Data records:
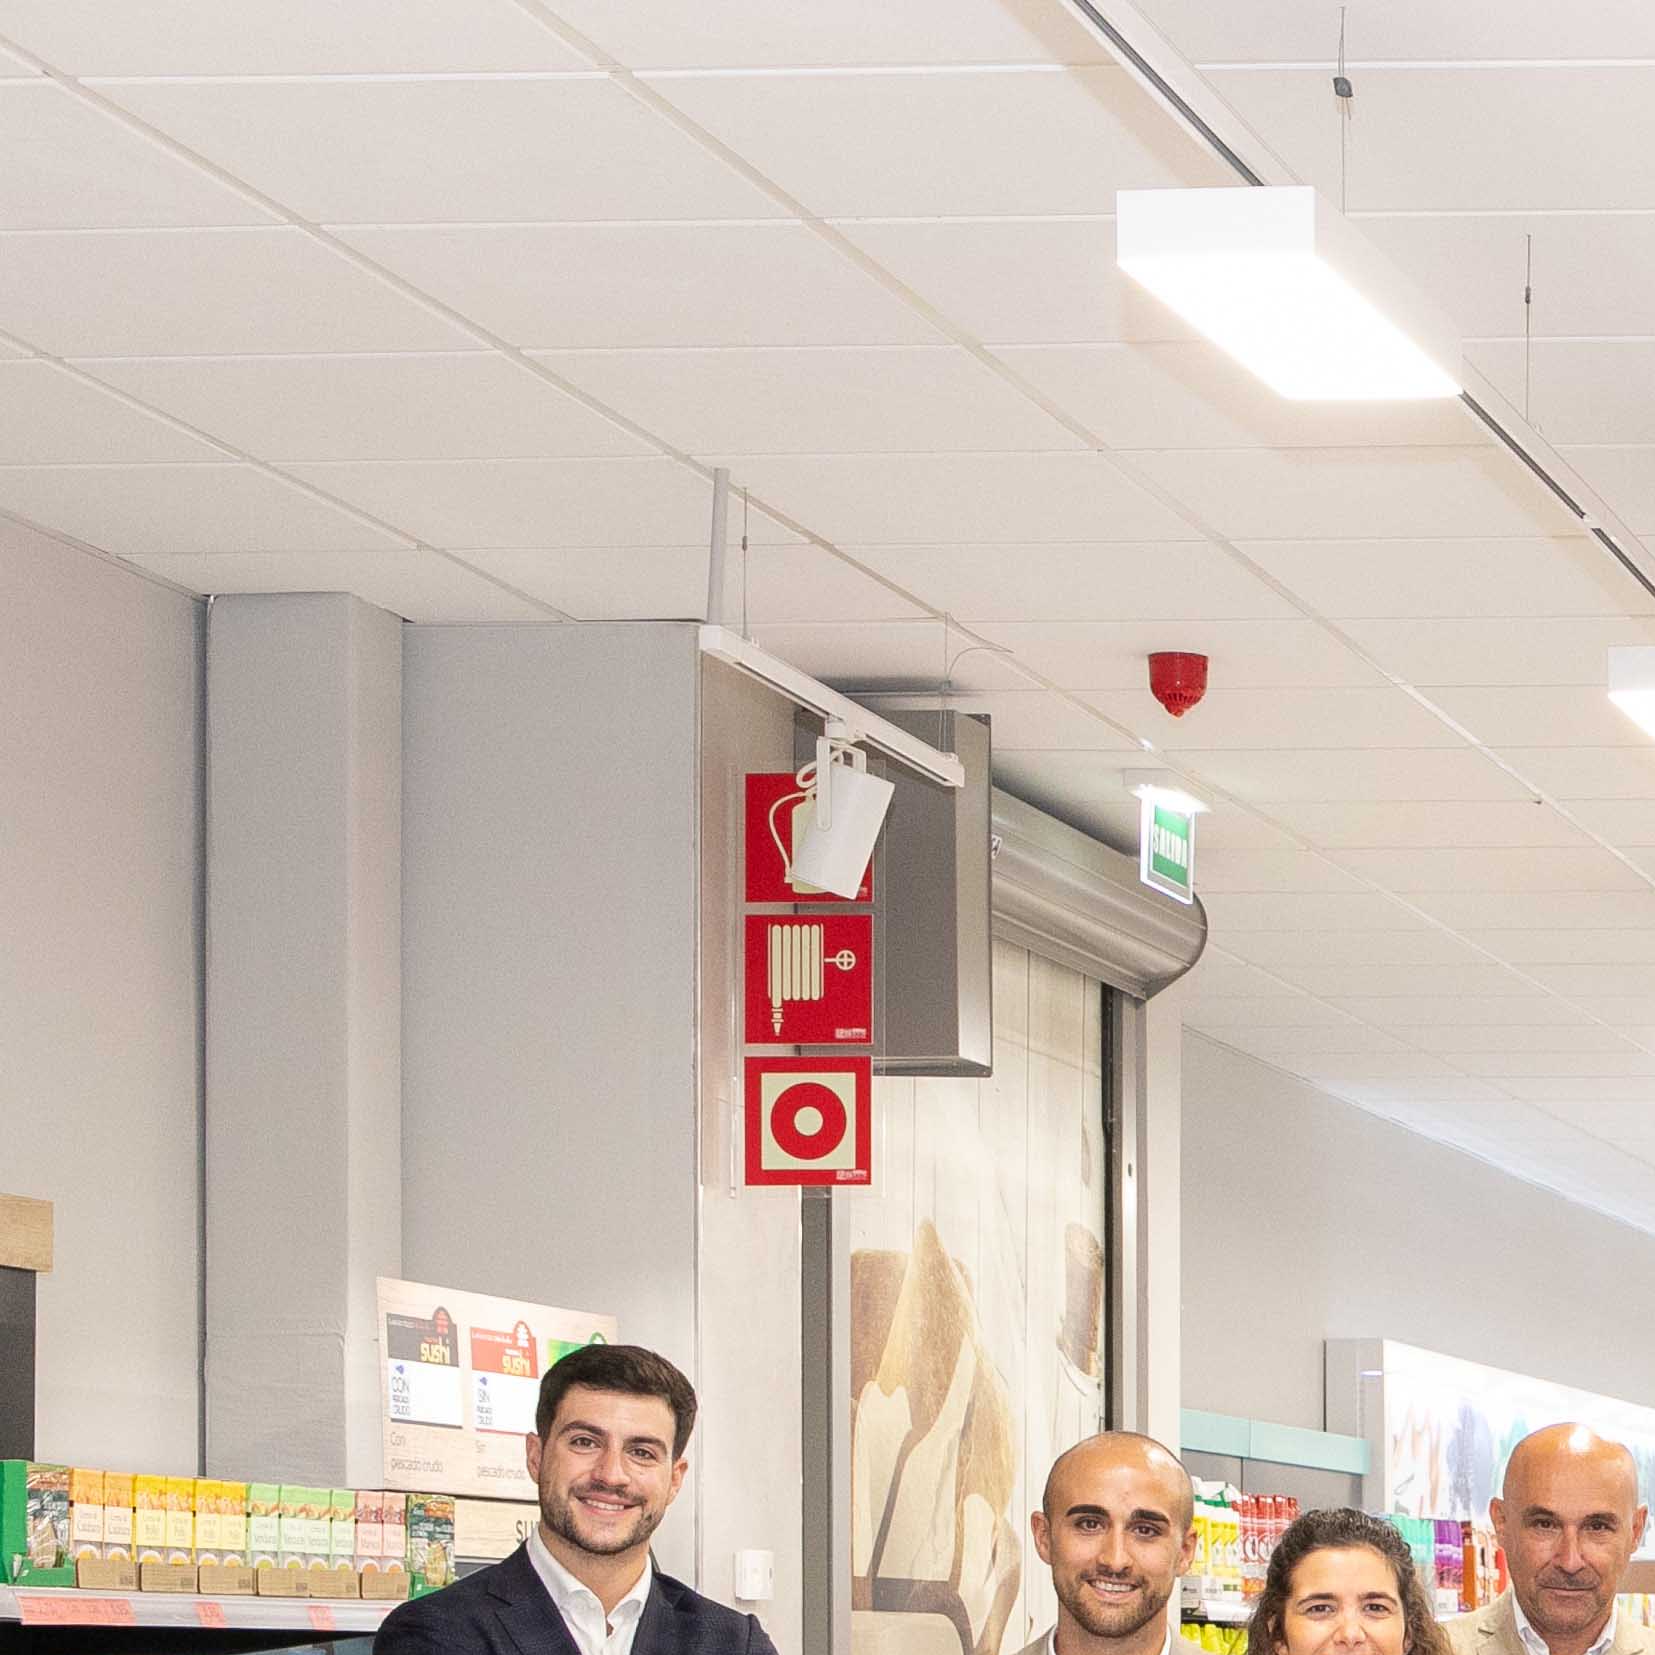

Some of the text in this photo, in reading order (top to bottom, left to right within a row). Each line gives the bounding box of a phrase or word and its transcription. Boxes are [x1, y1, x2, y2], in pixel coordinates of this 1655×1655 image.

[1154, 822, 1188, 869] SALIDA
[420, 1337, 450, 1363] sushi
[502, 1350, 530, 1376] sushi
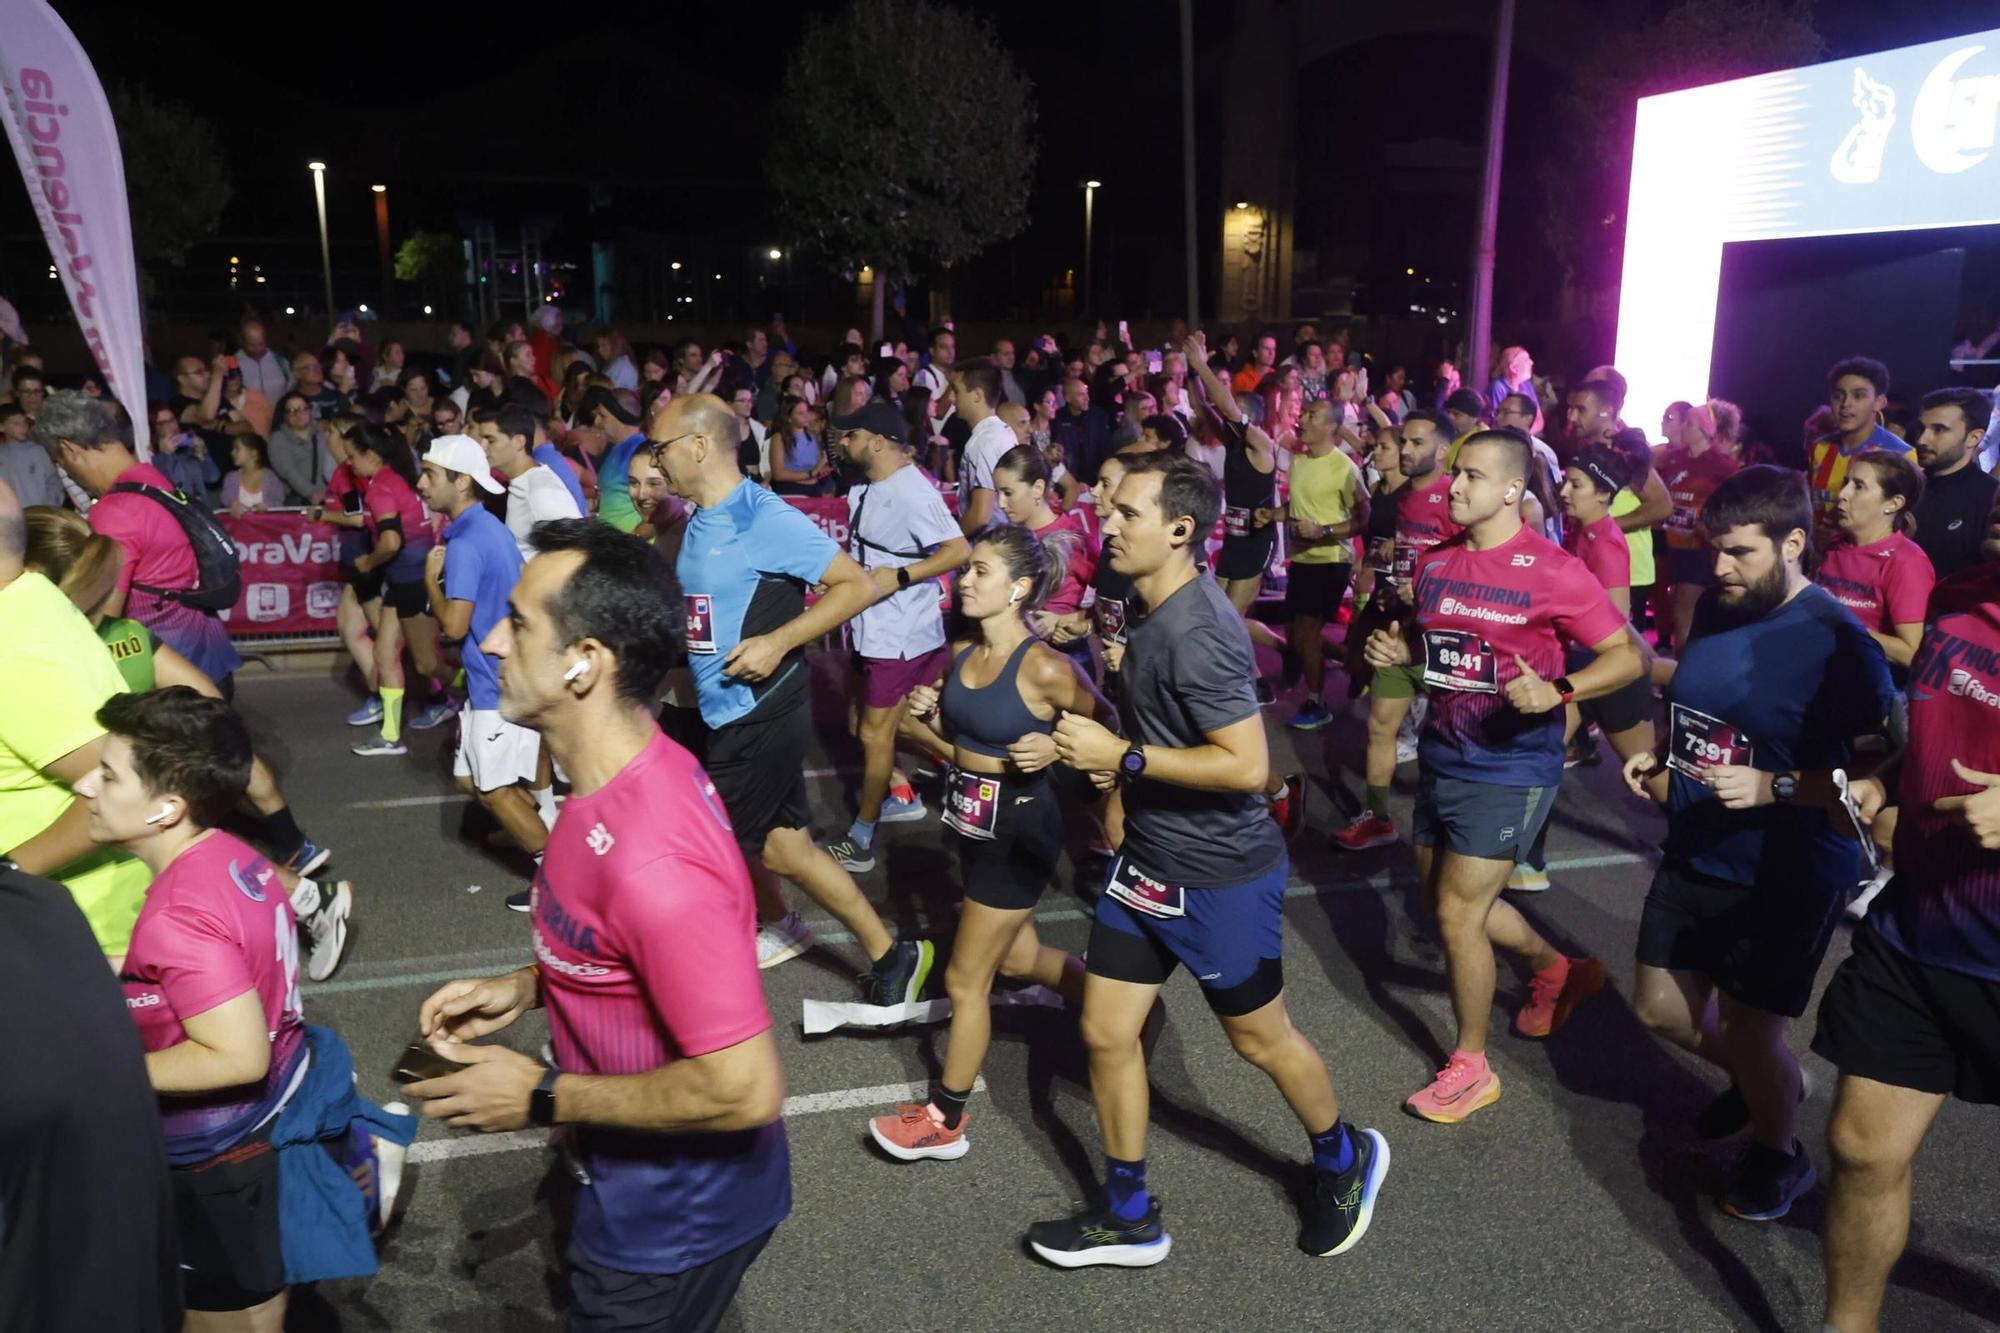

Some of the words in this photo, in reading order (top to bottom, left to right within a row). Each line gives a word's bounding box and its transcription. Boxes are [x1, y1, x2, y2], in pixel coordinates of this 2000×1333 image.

[1446, 580, 1531, 609] NOCTURNA
[1453, 602, 1528, 625] FibraValencia
[1439, 648, 1481, 671] 8941
[1685, 732, 1732, 765] 7391
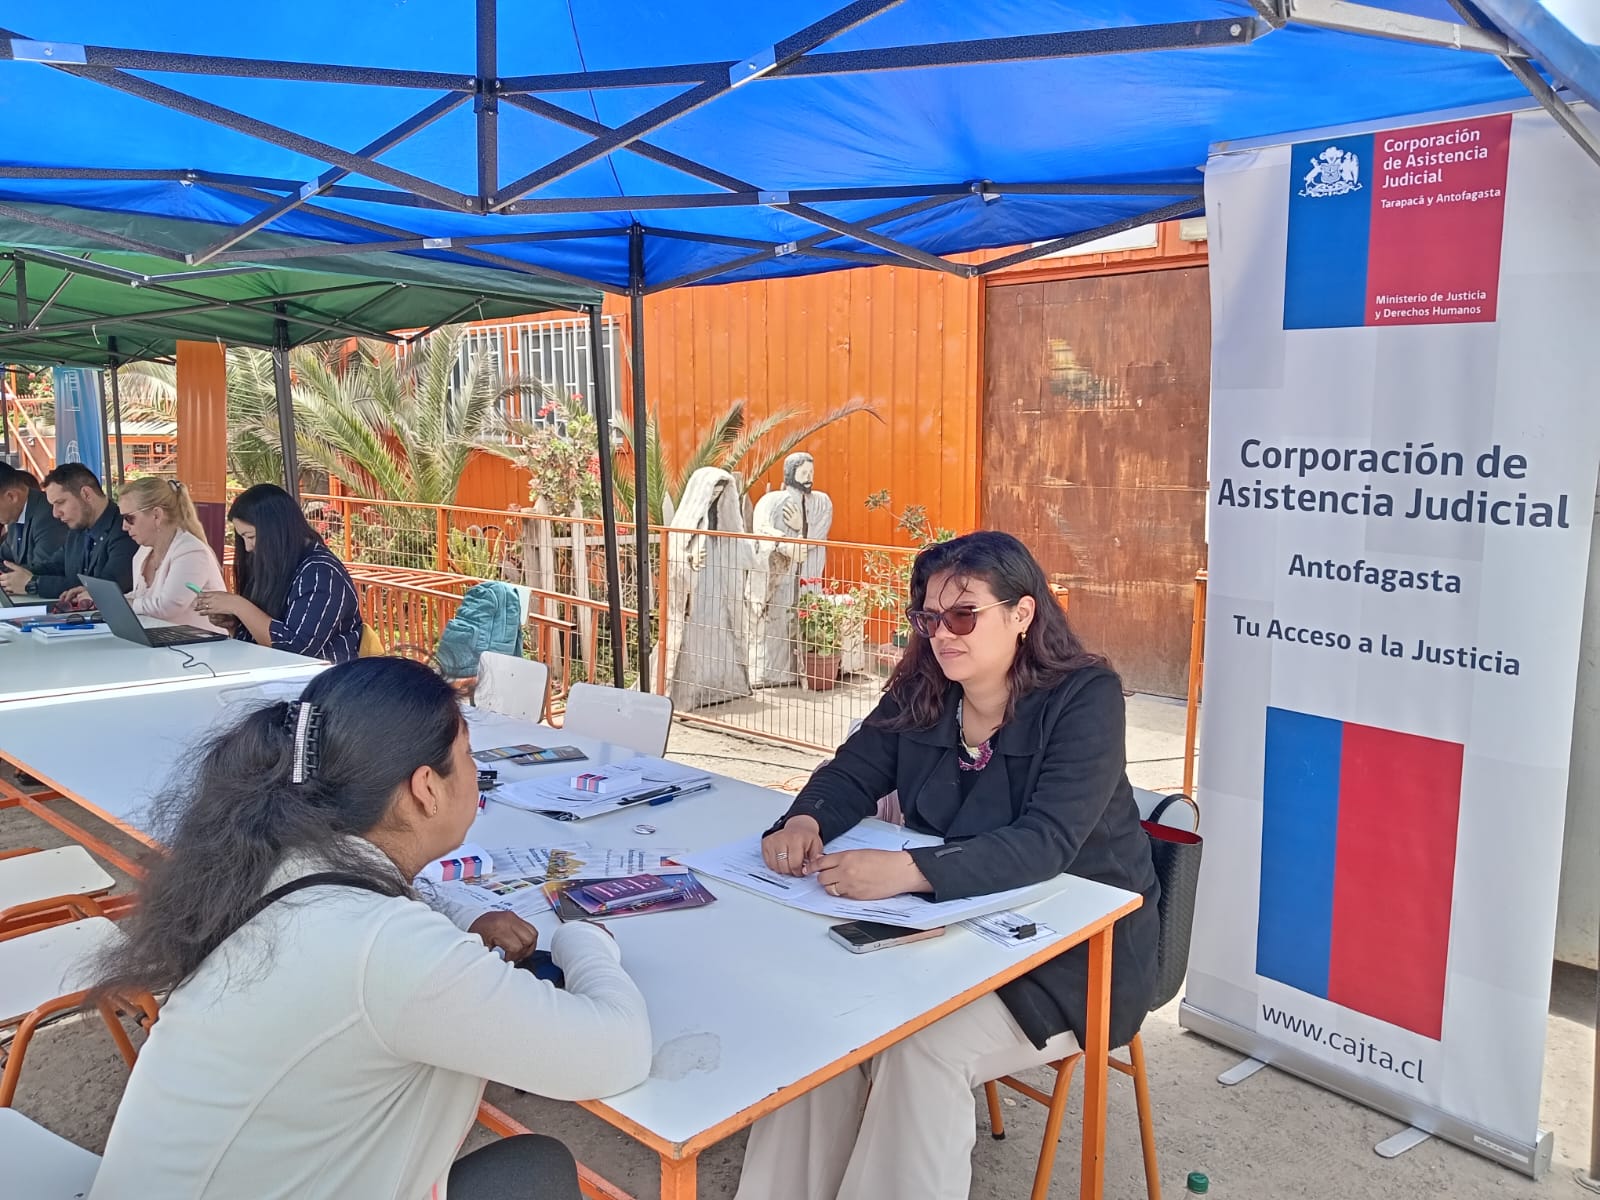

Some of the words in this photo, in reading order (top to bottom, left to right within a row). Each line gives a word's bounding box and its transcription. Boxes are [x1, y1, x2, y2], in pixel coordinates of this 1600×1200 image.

The problem: Write out the listing again word for word, but without its pictures.

Answer to the exercise:
Some of the text in this photo, in reading order (top to bottom, left to right within a row). Each line gives the bounding box of a phrase or word and its transcription. Boxes are [x1, y1, x2, y2], in pixel coordinates of this 1655×1655 image.

[1154, 822, 1188, 869] SALIDA
[420, 1337, 450, 1363] sushi
[502, 1350, 530, 1376] sushi

Some of the words in this photo, in reading order (top to bottom, left to right within a row). Each line gives a word's bounding box and its transcription. Boxes are [x1, y1, x2, y2], in pixel coordinates of this 2000×1333 image.

[1446, 580, 1531, 609] NOCTURNA
[1453, 602, 1528, 625] FibraValencia
[1439, 648, 1481, 671] 8941
[1685, 732, 1732, 765] 7391

Some of the words in this photo, in reading order (top to bottom, left to right within a row). Each line gives a word's bounding box and its transcription. Boxes are [x1, y1, x2, y2], in pixel coordinates of this 1600×1200 image.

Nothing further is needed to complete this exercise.